Mild Cognitive Impairmentt
Ranjan Duara, David A. Lowenstein, Clinton Wright, Elizabeth Crocco, Daniel Varon
Pendahuluan
Sebagian besar penyakit melalui sebuah stadium transisional (misalnya “pre-diabetes” dan
“pre-hipertensi) sebelum berkembang gejala klinis yang dibutuhkan untuk memenuhi kriteria
pasti diagnosis yang dibuat dengan ketentuan yang beralasan. Menjadi semakin penting untuk
memulai terapi penyakit progresif lambat pada stadium lebih awal, sehingga terapi mungkin
memiliki pengaruh lebih besar dan mencegah atau memperlambat transisi ke stadium yang lebih
berat dari penyakit. Saat ini, terapi yang memodifikasi penyakit tidak tersedia untuk penyakit
degeneratif otak, yang merupakan faktor etiologi utama mild cognitive impairment (MCI) dan
dementia. Terapi efektif yang saat ini tersedia adalah untuk mencegah kerusakan serebrovaskuler
dan intervensi untuk faktor risiko modifiabel yang dapat mengubah perjalanan penyakit, dengan
mencegah lesi vaskuler baru berkembang. Oleh karena itu, prevensi sekunder tetap pilihan utama
untuk memberikan pengaruh terapetik terukur untuk penyakit yang mendasari, dengan deteksi
lebih awal pada stadium MCI (atau bahkan stadium lebih awal). Tujuan bab ini adalah untuk
memungkinkan klinisi untuk: (a) mengenali dan mendiagnosis MCI dan subtipe kognitifnya, (b)
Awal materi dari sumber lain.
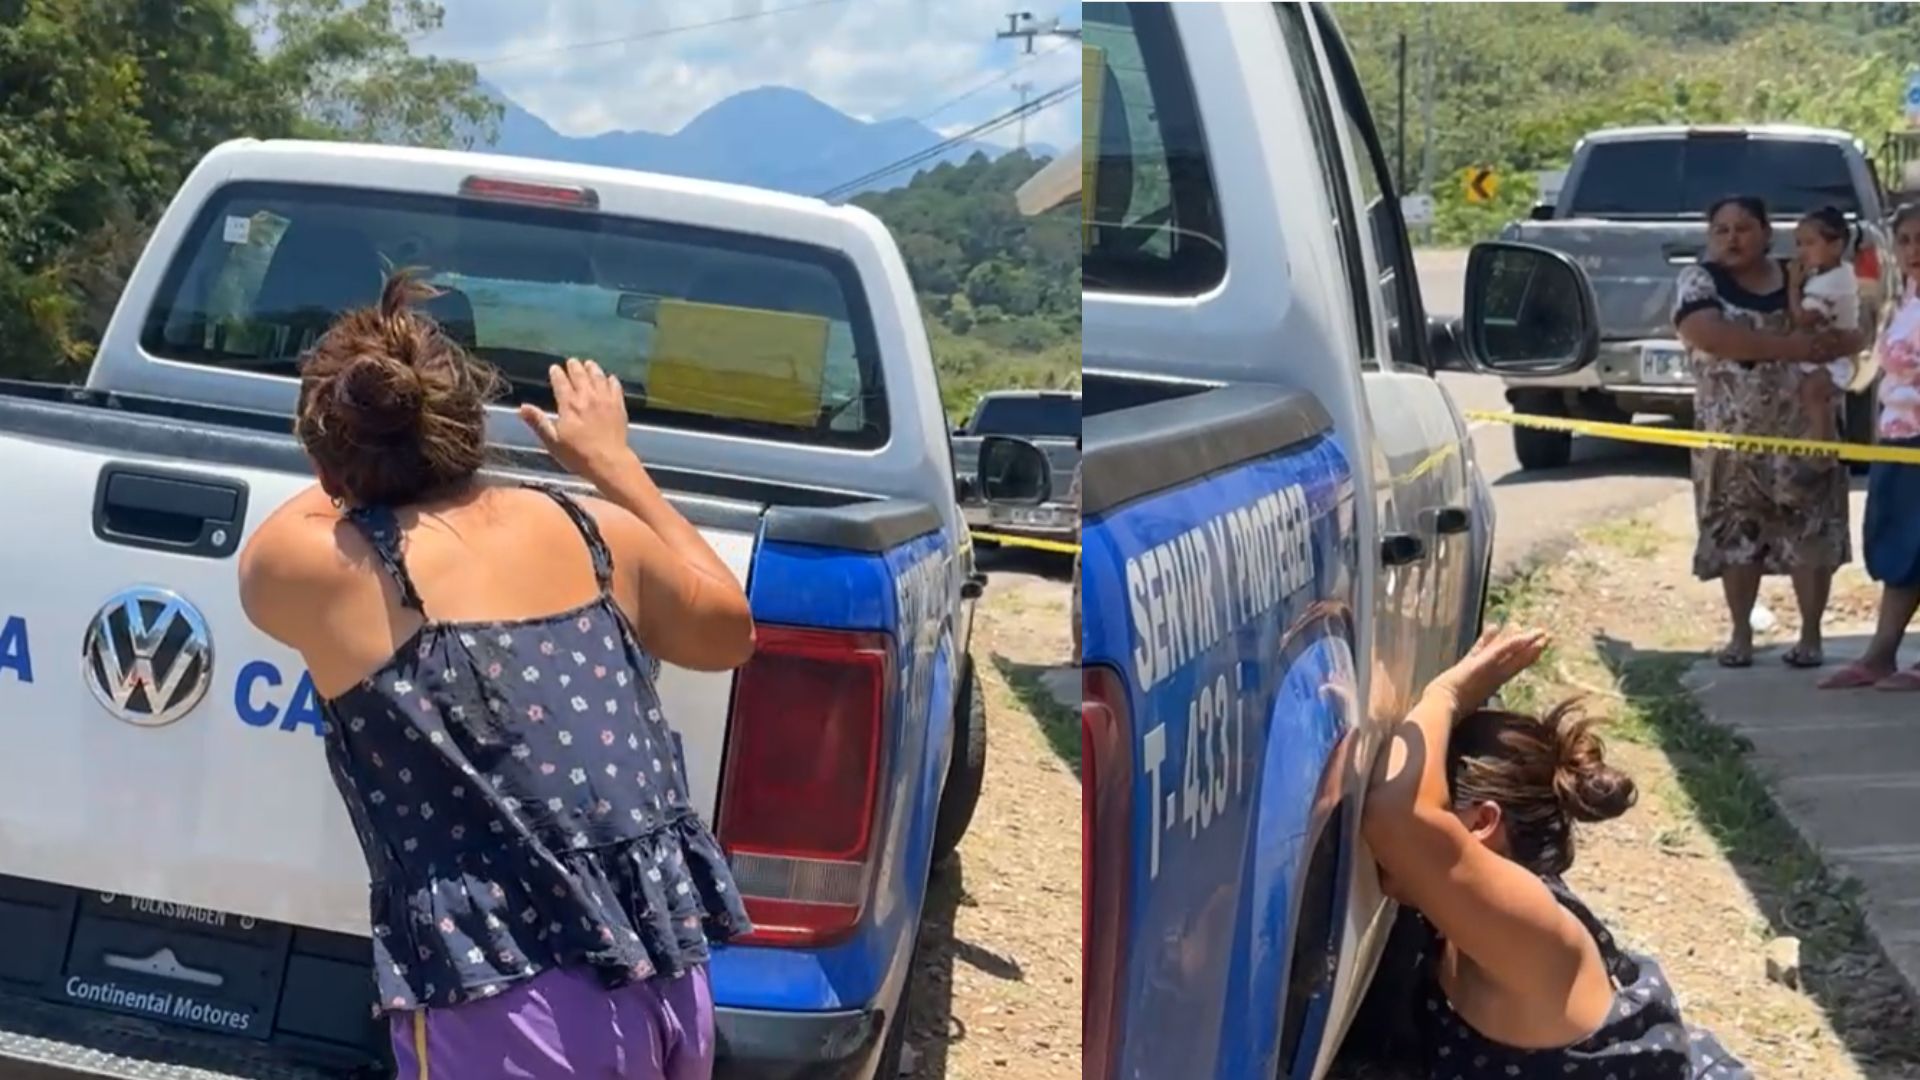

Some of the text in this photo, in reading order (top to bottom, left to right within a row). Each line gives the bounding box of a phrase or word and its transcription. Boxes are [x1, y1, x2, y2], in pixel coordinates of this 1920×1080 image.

[1126, 482, 1315, 692] SERVIR Y PROTEGER
[130, 895, 227, 928] VOLKSWAGEN
[66, 975, 250, 1030] Continental Motores
mendiagnosis etiologi yang mungkin dari sindrom MCI, (c) memahami faktor risiko dan cara
perkembangannya, dan (d) diinformasikan tentang metode optimal yang tersedia untuk treatment
dan prevensi progresi sindrom MCI.
Definisi
Istilah mild cognitive impairment (MCI) pertama kali dideskripsikan oleh Reisgerg pada
1982 sebagai kondisi yang berkaitan dengan peningkatan risiko progresi dementia. Meskipun
demikian, Kriteria Mayo untuk MCI dipublikasikan oleh Petersan dkk, yang menghasilkan
penggunaan meluas istilah ini. Semula didesain untuk diagnosis kondisi penyakit pre-Alzeimer,
istilah MCI sekarang secara luas digunakan untuk menggambarkan fase predementia dari
banyak penyakit yang pada akhirnya dapat berkembang menjadi dementia.
KRITERIA PETERSEN UNTUK
MILD COGNITIVE IMPAIRMENT
Grandman dkk, mengajukan adaptasi dari kriteria Petersen, untuk meningkatkan reliabilitas jika
kriteria ini digunakan untuk penelitian klinis, sebagai berikut:
1) Keluhan memori, dikuatkan oleh seorang informan.
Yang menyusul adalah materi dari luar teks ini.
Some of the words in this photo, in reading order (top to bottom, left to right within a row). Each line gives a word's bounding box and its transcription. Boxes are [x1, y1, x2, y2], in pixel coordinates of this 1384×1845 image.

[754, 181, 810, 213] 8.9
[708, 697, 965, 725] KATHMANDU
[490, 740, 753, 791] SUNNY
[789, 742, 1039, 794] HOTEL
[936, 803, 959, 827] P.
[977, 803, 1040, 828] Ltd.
2) Fungsi memori abnormal pada subtes Logical Memory II dari Wechsler Memory Scale.
3) Fungsi kognitif umum yang normal berdasarkan penilaian klinis dan skor MMSE 24/30 atau
lebih.
4) Tidak ada atau minimal gangguan fungsi (skor Clinical Dementia Rating global 0,5).
Kriteria yang diadaptasi dapat dioperasionalkan untuk penggunaan klinis umum, seperti
ditunjukkan tabel 6.1.
Patofisiologi
Sebuah transisi antara stadium predementia, kognitif normal dan tegak dementia,
tampaknya ada untuk sebagian besar penyakit dementia yang dapat dikenal. Penggunaan kriteria
yang berbeda untuk mendiagnosis MCI mengakibatkan tingkat prevalensi MCI 1-3 % pada
populasi di atas 65 tahun. Meskipun demikian, terlepas dari kriteria yang digunakan, pasien yang
didiagnosis MCI, ditemukan memiliki kemungkinan tinggi progresi menjadi dementia dan sering
menjadi penyakit Alzheimer’s.
Entitas patologik paling banyak diteliti yang menyebabkan sindrom MCI adalah AD.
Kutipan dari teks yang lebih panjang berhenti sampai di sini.